A juvenile whale shark caught in August last year has now spent more than 12 months in a Dubai hotel aquarium, triggering renewed calls for its release.
Fresh calls for whale shark's release
DUBAI // A juvenile whale shark caught in August last year has now spent more than 12 months in a Dubai hotel aquarium, triggering renewed calls for its release. The world's largest living species of fish, whale sharks are listed as vulnerable to extinction in the Red List of Threatened Species, a publication of the International Union for Conservation of Nature. It is a free-roaming ocean fish, travelling vast distances each year and known to dive to depths as great as 1,000 metres.
The animal was caught on August 27 last year in what the Atlantis hotel and resort described as a rescue - a move that was heavily criticised by conservationists asking how an aquarium could accommodate the whale shark's needs. It was even given a name - Sammy. However, the controversy died down after a few months and the whale shark has continued living at the Ambassador Lagoon, an 11-million-litre fish tank at the resort where it pulls in large crowds of tourists and UAE residents alike.
Nevertheless, wildlife experts still insist that the animal, which measured four metres at the time of the capture, would be better off at sea where she could enjoy a longer life and reproduce. Many argue that a day close to the first anniversary of her capture would be an ideal time for release. "Whale sharks do not survive in captivity; even in the very best aquaria they die, as it is difficult to replicate the diet and environment that a pelagic [open sea] filter-feeding shark requires," said Dr David Rowat, the chairman of the Marine Conservation Society in the Seychelles.
A study of 16 whale sharks kept at the Okinawa Churaumi Aquarium in Japan, one of the few facilities where the rare fish are exhibited, showed their average life expectancy was less than two years. In the wild, whale sharks are known to grow to up to 20 metres during a life that can last 60 years. "If the animal is healthy it should have no problem surviving in the wild," said Dr Rowat, who has spent years studying whale sharks.
"I have recently put satellite tags on two sharks that were captured off China and kept in captivity in sea-pens for a year; both are apparently doing fine some 10 weeks after release, according to the satellite transmissions." The Dubai whale shark's future, however, remains obscure. Despite repeated attempts by The National over the past seven days, officials at Atlantis, The Palm, could not be reached for comment. While it remains uncertain that the captive will ever be freed, Dr Rowat said there were factors that favoured it happening around the anniversary of its capture.

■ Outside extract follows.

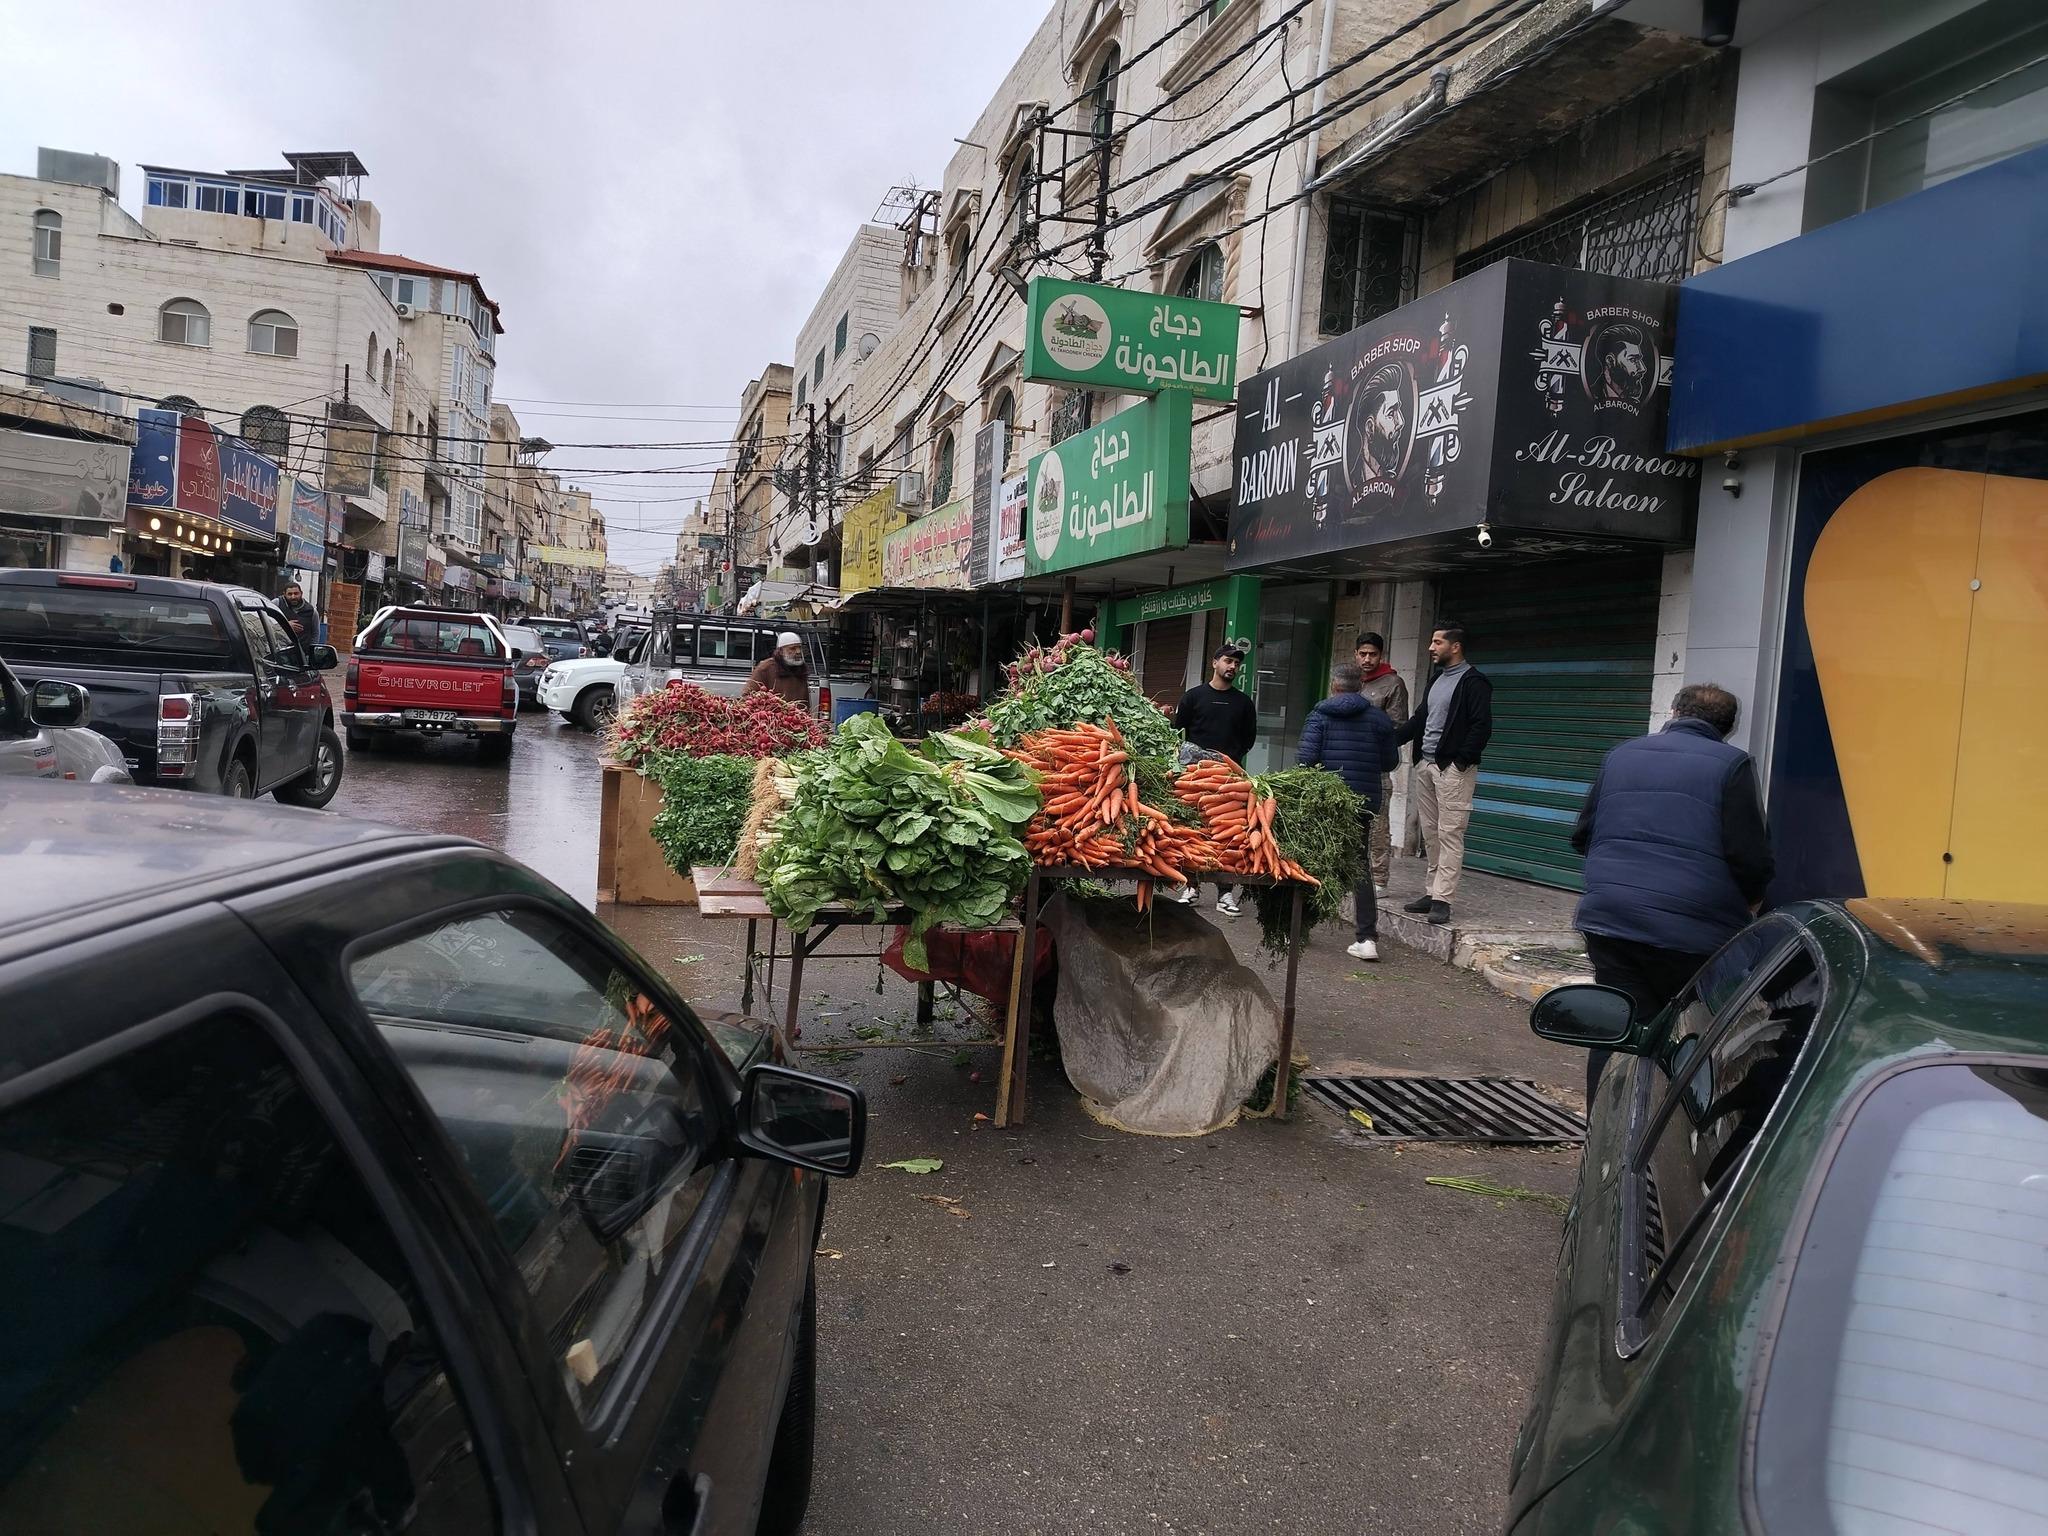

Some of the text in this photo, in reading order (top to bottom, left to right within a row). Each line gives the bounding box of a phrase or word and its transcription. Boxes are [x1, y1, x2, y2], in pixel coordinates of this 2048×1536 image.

"The release should be during the season when whale sharks frequent the area. As this is a year later, it is likely that this is the season when the sharks are found here and so is the optimal time." Another group that has been campaigning for the shark's release is the Emirates Wildlife Society in association with the World Wide Fund for Nature (EWS-WWF), which sent an open letter to Atlantis decision-makers in February this year.
"The Atlantis confirmed during an interview with the Business Breakfast on September 24 2008 that they would release the whale shark in due course, but has not yet acted upon its promise," said Lisa Perry, the programme manager at EWS-WWF. "We will keep urging the Atlantis to reconsider their rationale for keeping the whale shark and release it back into its natural habitat as soon as possible. Keeping the whale shark at a hotel, which is not an educational or scientific institution, does not increase the potential for conservation of the wild population."
Jonathan Ali Khan, a filmmaker who is preparing a documentary on Arabia's shark populations, listed additional reasons in favour of release. "Releasing her from a tank such as Atlantis is nothing but a good thing. Animals such as whale sharks and sharks in general are genetically imprinted with amazing instincts that have enabled them to survive for over 400 million years," said Mr Khan, who is the founder and director of the Dubai-based Ocean World Production. "It wouldn't take long for her to revert to her normal patterns and behaviour.
"She may need a deworming treatment before being released as it is not sure what she might have picked up while in the tank. Certainly her tail fin has deteriorated since [it was] injured during her capture. The biggest problem she is facing now is from the overcrowding in the tank. The number of fish that have sustained collision or bite injuries is noticeable." Apart from welfare considerations, the animal should be released as it would eventually be capable of reproducing, added Mr Khan, who is currently organising the UAE's first whale shark conference and workshop in December.
"Each pregnancy can result in her pupping over 300 babies at a time. We don't know how many times females bear young, but we do know that each time she does makes the whole species a little more secure from becoming extinct. "There are far too many unanswered questions to risk the fate of a young female endangered animal by keeping her in captivity without any specific scientific basis of research. Questions such as where are the breeding grounds? Are our waters a principle nursery for the entire Indian Ocean population?
"For that purpose alone, Sammy needs to be released immediately," said Mr Khan. "And to make it all worthwhile, Atlantis should release her with a satellite tag and fund the basis of a research project". While the hotel management would not comment, many visitors to the aquarium seemed unaware of the whale shark's plight. "This aquarium is really nice and it has a lot of variety. I like it more than the one at the Dubai Mall. I like the sting rays and the sharks," said Kirti, 25, a resident of Ajman.